Reserves dropped to $22.1 billion in October from $24.01 billion a month earlier, the central bank said on its website.
The decline was almost double the drop a month earlier. Reserves were $36 billion before an uprising that overthrew President Hosni Mubarak and led to an exodus of foreign investors and tourists.
"Reserves are deteriorating at a faster pace than expected," said a trader at CIB in Cairo. "Investors are not sure for the political future and the coming elections so there are a lot of outflows from the market."
He said reserves represented three and a half months of imports, which was still a "safe level".
Reflecting weak appetite for Egyptian sovereign debt, a sale of bonds on Thursday was only partially covered despite coupons exceeding 14 per cent.
Clashes between the army and Coptic Christian demonstrators in Cairo on 9 October, the deadliest since Mubarak stood down, underscore an unstable social backdrop as the country gears up for crucial parliamentary elections beginning this month.
Egypt's Muslim Brotherhood is threatening a showdown with the ruling military generals over whether the army should submit to the authority of a future elected government under a new constitution.
Economists also attributed the drop in reserves to continued buying of Egyptian pounds by the central bank to shore up the currency, which has stayed relatively stable since the uprising against Mubarak, declining by 1.5 per cent.
"We think the CBE has been using reserves to shore up the currency," said BNP Paribas strategist Dina Ahmad. "There also seem to be more outflows from Egyptian assets and that we've seen across emerging markets since August."
Ahmad said the Central Bank of Egypt (CBE) was likely to continue trying to protect the pound's value.
"If a dangerous reserves level is reached in the next few months, we could see Egypt having to resort to the IMF to help cover the current account deficit," she added.

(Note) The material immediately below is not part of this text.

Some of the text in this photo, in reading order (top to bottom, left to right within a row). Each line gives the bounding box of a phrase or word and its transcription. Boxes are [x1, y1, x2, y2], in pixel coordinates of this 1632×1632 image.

Egyptian customers of banks operating in the country say they have faced obstacles to buying dollars, although officials insist there are no currency controls.

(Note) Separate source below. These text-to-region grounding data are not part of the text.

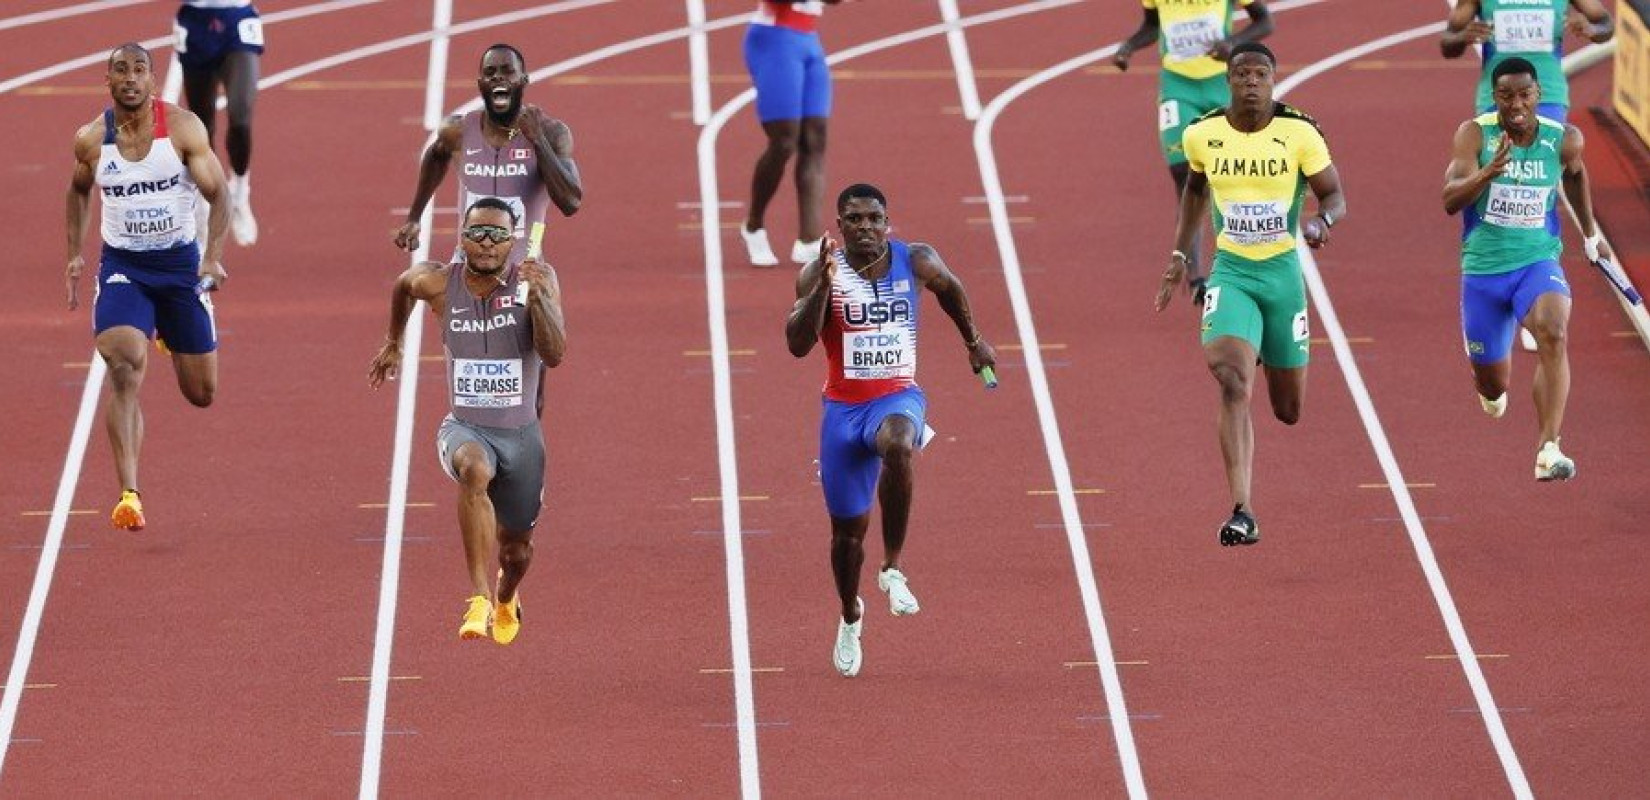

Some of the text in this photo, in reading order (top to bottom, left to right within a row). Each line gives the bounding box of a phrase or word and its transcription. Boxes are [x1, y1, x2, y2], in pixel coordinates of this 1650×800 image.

[1505, 26, 1544, 39] SILVA
[464, 163, 528, 177] CANADA
[1211, 157, 1289, 177] JAMAICA
[1503, 160, 1548, 179] RASIL
[102, 174, 180, 198] FRANCE
[135, 206, 170, 218] TDK
[1239, 203, 1277, 216] TDK
[1490, 199, 1544, 217] CARDOSO
[124, 216, 174, 234] VICAUT
[1227, 216, 1284, 233] WALKER
[844, 299, 909, 325] USA
[449, 313, 517, 333] CANADA
[864, 334, 902, 347] TDK
[853, 350, 902, 365] BRACY
[473, 363, 512, 376] TDK
[457, 377, 519, 393] DE GRASSE
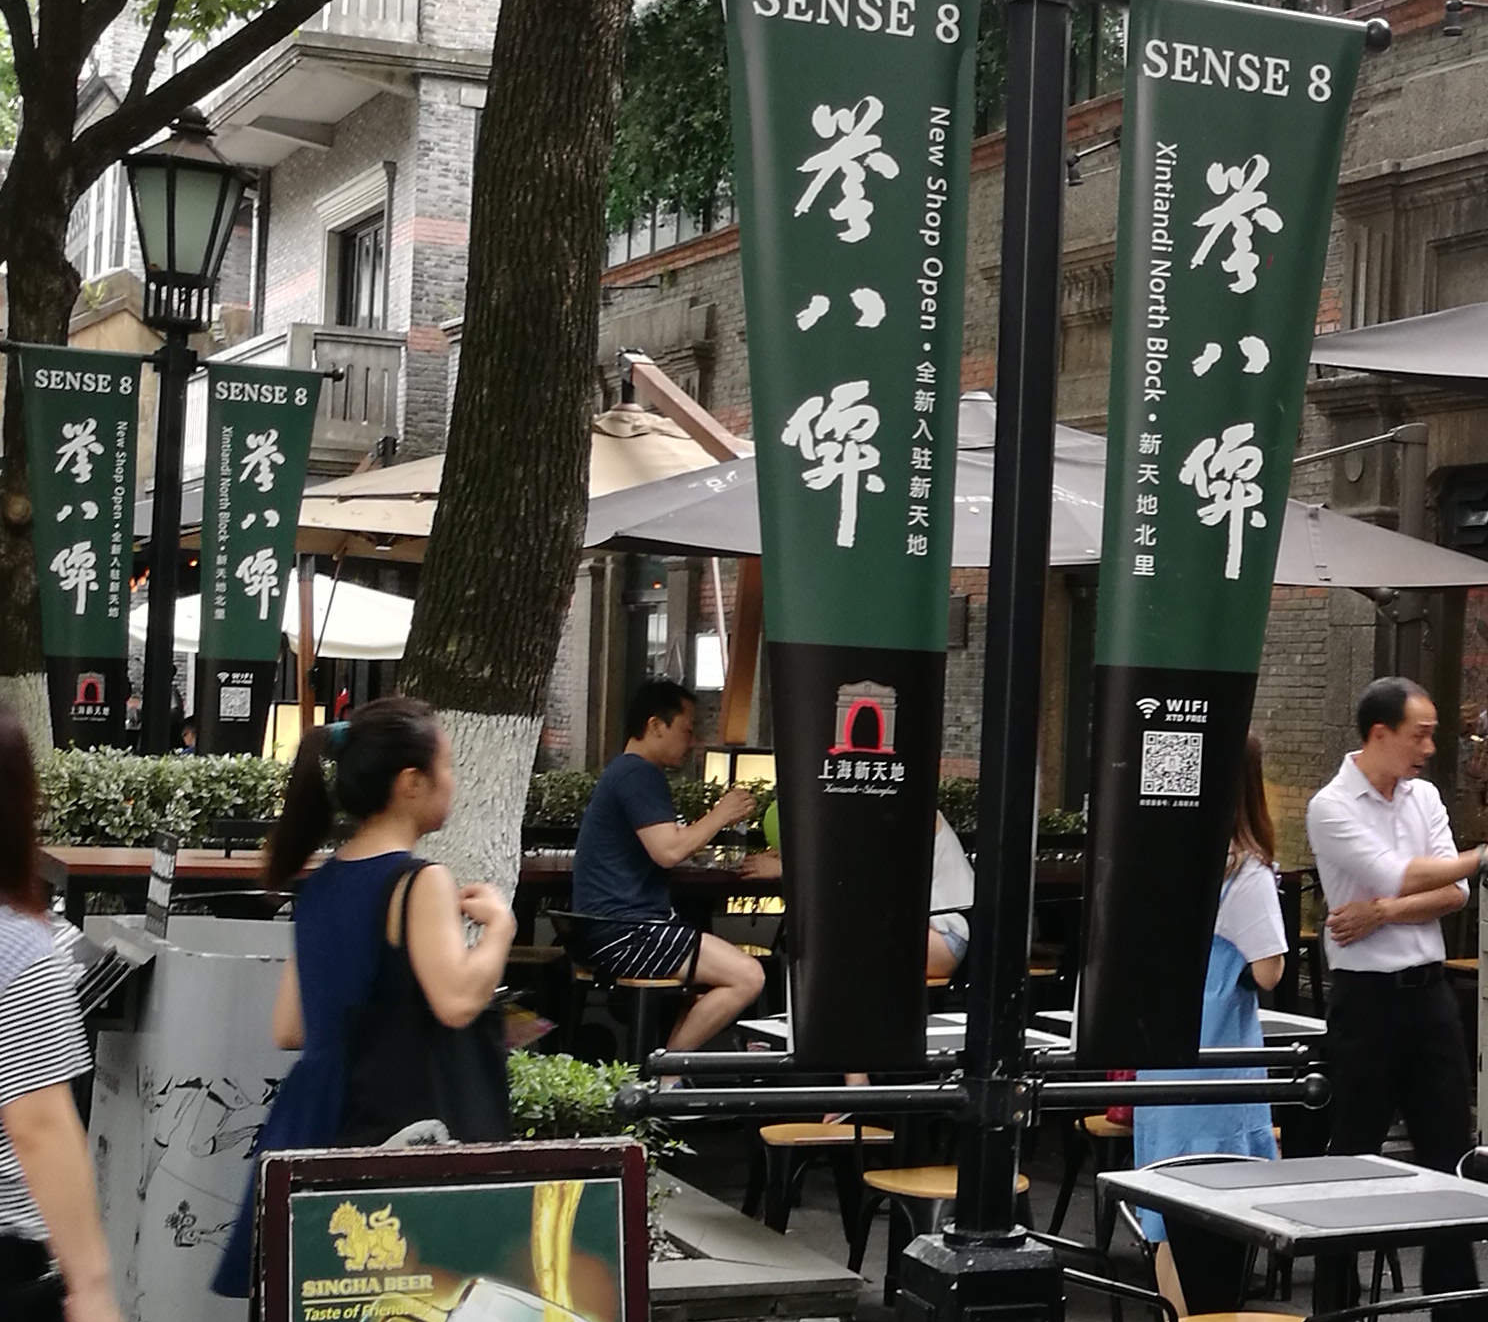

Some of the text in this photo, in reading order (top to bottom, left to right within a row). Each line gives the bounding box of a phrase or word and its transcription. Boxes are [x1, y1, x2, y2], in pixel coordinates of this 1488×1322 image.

[935, 4, 962, 43] 8
[1142, 39, 1334, 103] SENSE 8
[916, 106, 951, 331] New Shop Open
[1144, 141, 1178, 403] Xintiandi North Block
[34, 368, 133, 396] SENSE 8
[214, 381, 309, 406] SENSE 8
[112, 420, 129, 520] New Shop Open
[906, 361, 937, 556] 全新入驻新天地
[218, 477, 231, 510] North
[1132, 432, 1163, 576] 新天地北里
[1166, 699, 1208, 714] WIFI
[817, 759, 905, 782] 上海新天地
[301, 1274, 434, 1298] SINGHA BEER
[303, 1306, 341, 1322] Taste
[342, 1303, 361, 1319] of

A year ago, foreigners were often buying back into Egyptian treasury bills and bonds when their existing holdings matured, but now T-bill sales are being monopolised by local banks.

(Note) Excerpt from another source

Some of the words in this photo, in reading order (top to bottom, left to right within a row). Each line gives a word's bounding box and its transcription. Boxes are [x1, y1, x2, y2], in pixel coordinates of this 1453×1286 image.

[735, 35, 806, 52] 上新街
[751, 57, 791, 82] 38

That lack of competition, worries about Egypt's political and economic turmoil and difficulty in funding a sharp increase in the state budget has sent T-bill yields jumping.
The yield on Egyptian 91-day bills was 12.385 per cent at the latest auction, up from 9.29 per cent a year ago and 6 per cent four years ago.
The central bank sold reopened three-year and five-year bonds worth LE1 billion ($167 million) on Thursday, well below the amount it offered as yields outstripped the coupons on offer.